# Task item
Make the copy match the entries below exactly, with no pictures carried over.

# Data provided
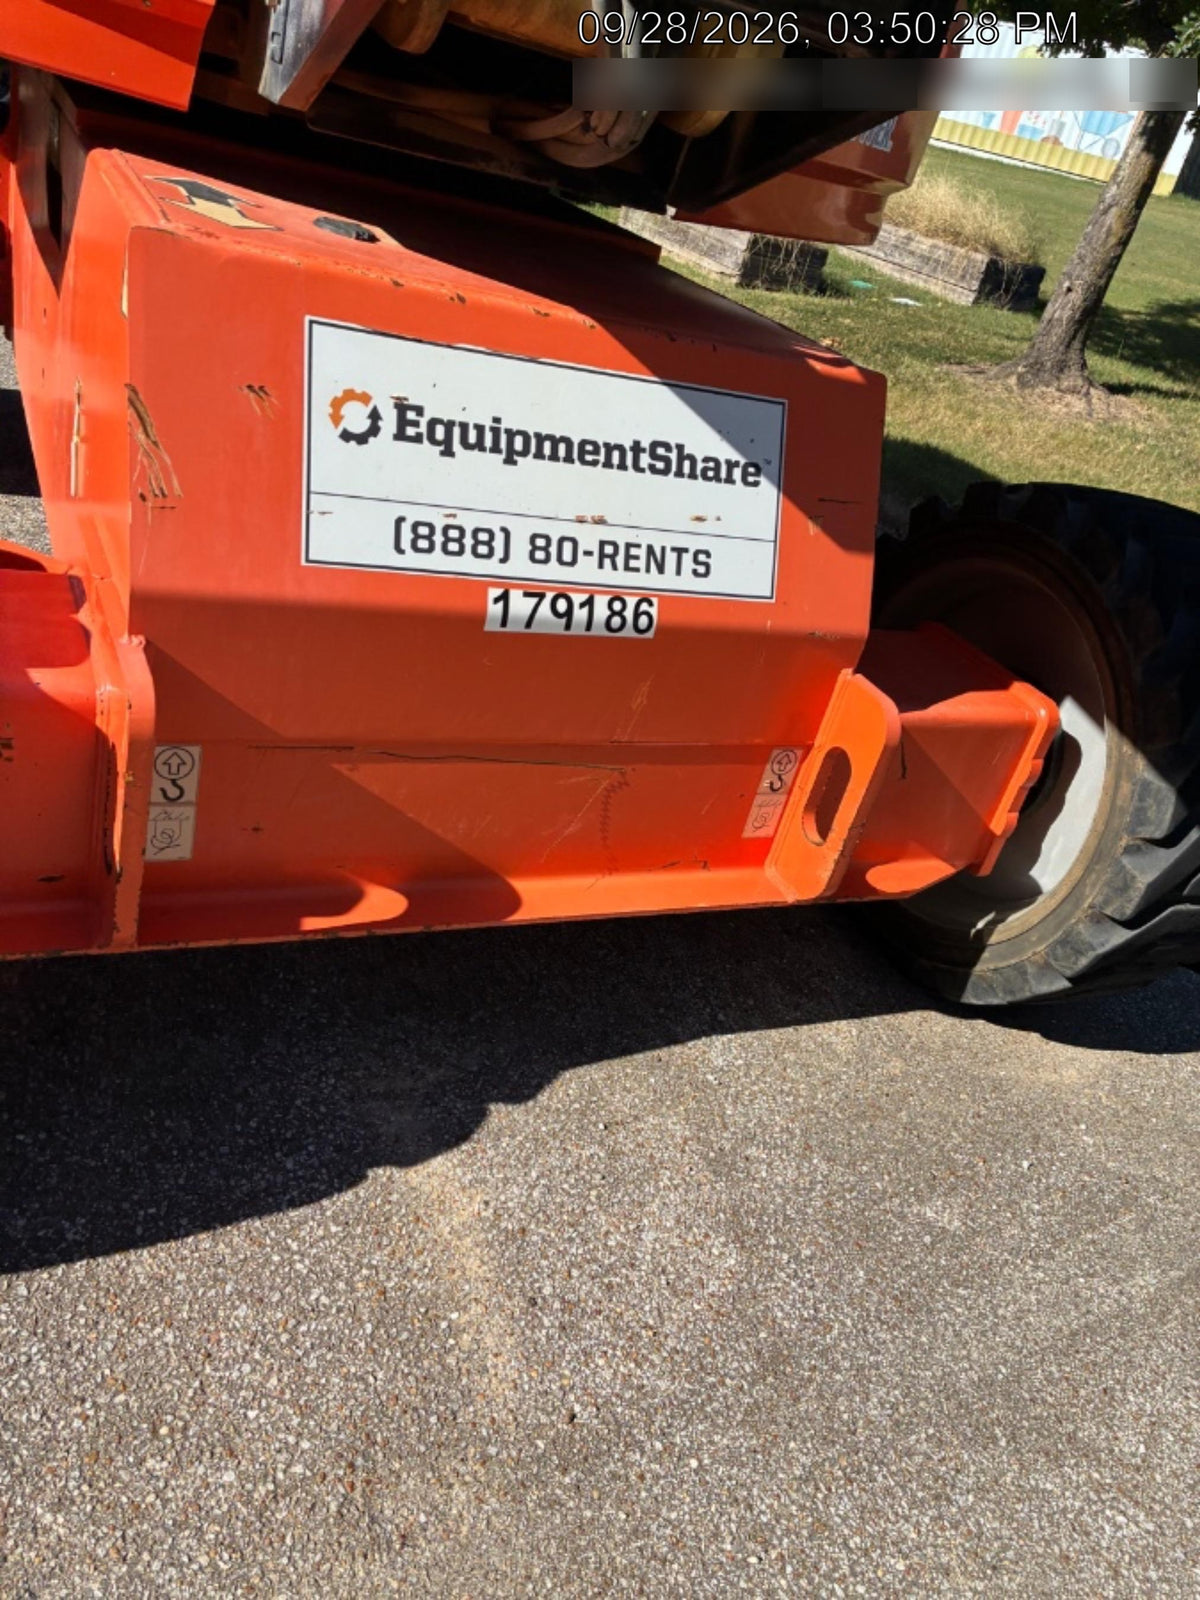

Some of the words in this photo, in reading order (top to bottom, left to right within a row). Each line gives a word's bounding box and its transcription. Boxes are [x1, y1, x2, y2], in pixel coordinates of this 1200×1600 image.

[393, 401, 763, 488] EquipmentShare
[394, 516, 511, 565] (888)
[528, 533, 712, 579] 80-RENTS
[492, 588, 655, 635] 179186

# Final answer
Some of the words in this photo, in reading order (top to bottom, left to right within a row). Each line gives a word's bounding box and its transcription. Boxes are [x1, y1, x2, y2], in pixel coordinates of this 1200×1600 image.

[393, 401, 763, 488] EquipmentShare
[394, 516, 511, 565] (888)
[528, 533, 712, 579] 80-RENTS
[492, 588, 655, 635] 179186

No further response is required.